Yes!!!! it's finally snowing and I don't want it to stop. We haven't had any real snow all winter and the winter is about to be over. I have been waiting patiently for the day I wake up, look at the news, and is told THERE IS NO SCHOOL. I think that it is about time for us seniors to have another break. There has been snow up north jersey, snow in futher up pennsylvaina, but no snow here, it just skips right over us. Well yesterday was groundhog day. The day the groundhog is supose to determine how much or little of winter we have left, since he ran back into his whole like a scardy cat, then that means we are capable of having six more weeks of winter. Maybe in those six weeks we will get some real snow and I can make snow mans and go sleding, which is the best part.

Monday, February 2, 2009

The mystery of Sharita Williams





The Mystery of Sharita Williams has finally been solved. Today I was notified that the person who killed Sharita has been found. In case you don't know who she is, let me inform you. Shrita is from Peensauken, she attened peensauken high school, she was the friend, well more like sisters to my best friend page. I met her once so I didn't really know her that well but every time I did hear things about her, they were never bad. Sherita was found dead Nov 16, 2003 one afternoon near 36th street bridge at the age of 16. Rumor was, was that her boyfriend killed her. Come to find out it was a guy by the name of Warren Dixon (23) who transferred to peensauken high that fall. Sherita never had one conversation with this guy but yet he was able to do such a horrible thing to this sweet innocent girl. finally this mystery has come to an end and now Sherita is able to live peacefully in heaven. R.I.P Sherita Williams.

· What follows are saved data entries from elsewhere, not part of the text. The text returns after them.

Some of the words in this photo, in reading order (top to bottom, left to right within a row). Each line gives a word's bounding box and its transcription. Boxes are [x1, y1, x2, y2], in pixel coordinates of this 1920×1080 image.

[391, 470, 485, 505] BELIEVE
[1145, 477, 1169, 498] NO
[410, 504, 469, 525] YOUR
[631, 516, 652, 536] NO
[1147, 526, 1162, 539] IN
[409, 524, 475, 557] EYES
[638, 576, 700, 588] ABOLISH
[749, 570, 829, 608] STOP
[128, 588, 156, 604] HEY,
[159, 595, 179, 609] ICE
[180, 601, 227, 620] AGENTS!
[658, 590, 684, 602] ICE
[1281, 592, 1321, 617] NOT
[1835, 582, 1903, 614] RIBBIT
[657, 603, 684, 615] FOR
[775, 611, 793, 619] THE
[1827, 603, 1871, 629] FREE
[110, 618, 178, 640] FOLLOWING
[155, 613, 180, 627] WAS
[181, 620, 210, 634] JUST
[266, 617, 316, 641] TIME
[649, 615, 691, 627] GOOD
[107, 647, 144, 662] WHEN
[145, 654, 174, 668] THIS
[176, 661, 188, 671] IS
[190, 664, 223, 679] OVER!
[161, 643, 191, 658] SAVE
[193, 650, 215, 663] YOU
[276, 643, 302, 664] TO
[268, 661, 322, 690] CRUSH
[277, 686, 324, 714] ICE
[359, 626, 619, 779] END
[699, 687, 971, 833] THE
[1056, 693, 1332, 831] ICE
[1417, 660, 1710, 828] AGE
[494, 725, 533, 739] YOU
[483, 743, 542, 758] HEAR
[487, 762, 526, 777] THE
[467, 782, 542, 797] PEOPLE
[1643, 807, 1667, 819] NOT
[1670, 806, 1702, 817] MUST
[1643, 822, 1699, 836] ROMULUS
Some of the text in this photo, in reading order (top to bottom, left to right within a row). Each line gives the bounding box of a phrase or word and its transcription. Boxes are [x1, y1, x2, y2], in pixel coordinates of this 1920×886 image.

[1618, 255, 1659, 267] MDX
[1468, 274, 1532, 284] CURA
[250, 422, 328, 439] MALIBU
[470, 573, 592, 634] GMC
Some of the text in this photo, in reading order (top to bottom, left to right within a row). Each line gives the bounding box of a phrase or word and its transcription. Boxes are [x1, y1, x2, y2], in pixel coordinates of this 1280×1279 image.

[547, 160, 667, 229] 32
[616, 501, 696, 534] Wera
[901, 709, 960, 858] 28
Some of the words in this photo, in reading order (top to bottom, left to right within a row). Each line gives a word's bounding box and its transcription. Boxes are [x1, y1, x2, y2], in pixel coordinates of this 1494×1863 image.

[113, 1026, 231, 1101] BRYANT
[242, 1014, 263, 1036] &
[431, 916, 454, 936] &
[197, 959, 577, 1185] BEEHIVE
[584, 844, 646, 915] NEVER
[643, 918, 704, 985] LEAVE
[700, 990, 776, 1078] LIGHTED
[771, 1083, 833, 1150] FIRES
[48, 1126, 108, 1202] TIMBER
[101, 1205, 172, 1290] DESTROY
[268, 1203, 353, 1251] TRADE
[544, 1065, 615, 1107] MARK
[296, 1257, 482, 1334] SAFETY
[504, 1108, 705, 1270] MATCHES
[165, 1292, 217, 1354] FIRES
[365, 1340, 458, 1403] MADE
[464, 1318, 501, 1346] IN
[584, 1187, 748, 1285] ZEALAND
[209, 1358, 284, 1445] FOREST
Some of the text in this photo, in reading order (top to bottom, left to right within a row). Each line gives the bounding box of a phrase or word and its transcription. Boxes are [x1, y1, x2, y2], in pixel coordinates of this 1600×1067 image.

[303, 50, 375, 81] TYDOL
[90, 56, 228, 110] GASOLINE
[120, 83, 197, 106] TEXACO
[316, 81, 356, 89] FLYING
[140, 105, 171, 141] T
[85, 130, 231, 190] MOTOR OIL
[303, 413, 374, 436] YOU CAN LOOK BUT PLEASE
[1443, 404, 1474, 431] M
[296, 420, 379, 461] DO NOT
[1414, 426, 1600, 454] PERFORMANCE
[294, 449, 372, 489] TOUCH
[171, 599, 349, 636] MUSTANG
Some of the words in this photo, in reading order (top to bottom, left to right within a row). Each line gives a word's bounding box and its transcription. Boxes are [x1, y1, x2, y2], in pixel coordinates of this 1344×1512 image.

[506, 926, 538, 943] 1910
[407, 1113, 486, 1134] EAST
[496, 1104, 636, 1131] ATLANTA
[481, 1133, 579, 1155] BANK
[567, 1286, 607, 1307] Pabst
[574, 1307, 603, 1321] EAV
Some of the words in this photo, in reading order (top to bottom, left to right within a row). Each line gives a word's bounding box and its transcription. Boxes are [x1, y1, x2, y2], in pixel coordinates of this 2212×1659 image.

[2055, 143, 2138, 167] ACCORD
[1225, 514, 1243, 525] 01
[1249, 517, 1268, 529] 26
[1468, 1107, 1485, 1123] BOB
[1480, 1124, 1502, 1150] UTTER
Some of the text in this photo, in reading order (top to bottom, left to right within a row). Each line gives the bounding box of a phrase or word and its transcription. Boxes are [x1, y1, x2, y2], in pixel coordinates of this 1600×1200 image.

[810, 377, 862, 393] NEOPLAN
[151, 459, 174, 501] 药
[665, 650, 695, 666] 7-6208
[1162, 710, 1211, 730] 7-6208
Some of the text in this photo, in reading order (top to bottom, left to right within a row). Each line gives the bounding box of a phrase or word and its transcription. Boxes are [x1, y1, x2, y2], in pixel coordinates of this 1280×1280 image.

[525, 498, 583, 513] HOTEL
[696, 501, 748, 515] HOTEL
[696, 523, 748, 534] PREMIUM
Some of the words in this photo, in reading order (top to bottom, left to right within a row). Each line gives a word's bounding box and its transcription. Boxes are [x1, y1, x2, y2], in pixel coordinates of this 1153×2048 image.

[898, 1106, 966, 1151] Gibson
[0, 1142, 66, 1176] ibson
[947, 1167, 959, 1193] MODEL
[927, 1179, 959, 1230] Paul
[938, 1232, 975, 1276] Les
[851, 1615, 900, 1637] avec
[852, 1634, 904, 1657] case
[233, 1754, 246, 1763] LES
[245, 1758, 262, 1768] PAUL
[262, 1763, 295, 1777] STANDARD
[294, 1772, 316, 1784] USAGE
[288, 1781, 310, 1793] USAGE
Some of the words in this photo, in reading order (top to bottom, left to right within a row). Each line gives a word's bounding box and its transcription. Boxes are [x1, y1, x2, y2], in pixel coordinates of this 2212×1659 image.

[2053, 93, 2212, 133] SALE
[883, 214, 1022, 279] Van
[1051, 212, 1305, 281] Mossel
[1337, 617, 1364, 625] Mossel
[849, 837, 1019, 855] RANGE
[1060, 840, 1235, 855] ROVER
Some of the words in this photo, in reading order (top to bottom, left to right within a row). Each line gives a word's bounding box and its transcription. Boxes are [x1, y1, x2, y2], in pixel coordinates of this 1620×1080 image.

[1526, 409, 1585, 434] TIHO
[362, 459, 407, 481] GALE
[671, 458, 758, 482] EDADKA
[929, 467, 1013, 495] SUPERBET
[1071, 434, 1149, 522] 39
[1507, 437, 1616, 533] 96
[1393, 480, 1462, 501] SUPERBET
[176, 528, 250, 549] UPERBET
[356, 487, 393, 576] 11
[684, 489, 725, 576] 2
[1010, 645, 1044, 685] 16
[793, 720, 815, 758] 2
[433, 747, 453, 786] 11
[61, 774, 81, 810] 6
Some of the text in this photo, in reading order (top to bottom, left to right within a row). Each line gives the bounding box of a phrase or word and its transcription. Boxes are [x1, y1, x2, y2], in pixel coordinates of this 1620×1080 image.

The third chapter is through!!!


It' s finally over this chapter is through, I am kind of relieved because of all the things you put me through. In the begging it was all fun and games but that soon had to end once you put dirt on my name. I thought we loved each other equally, but I guess I was wrong. U did me dirty this whole time and I went right along. (LOL) I don't feel dumb just upset, I will learn from this experience, it was something I will never forget. I want you two to be happy together, don't let me get in the way, because on the other side I know there will be a brighter day.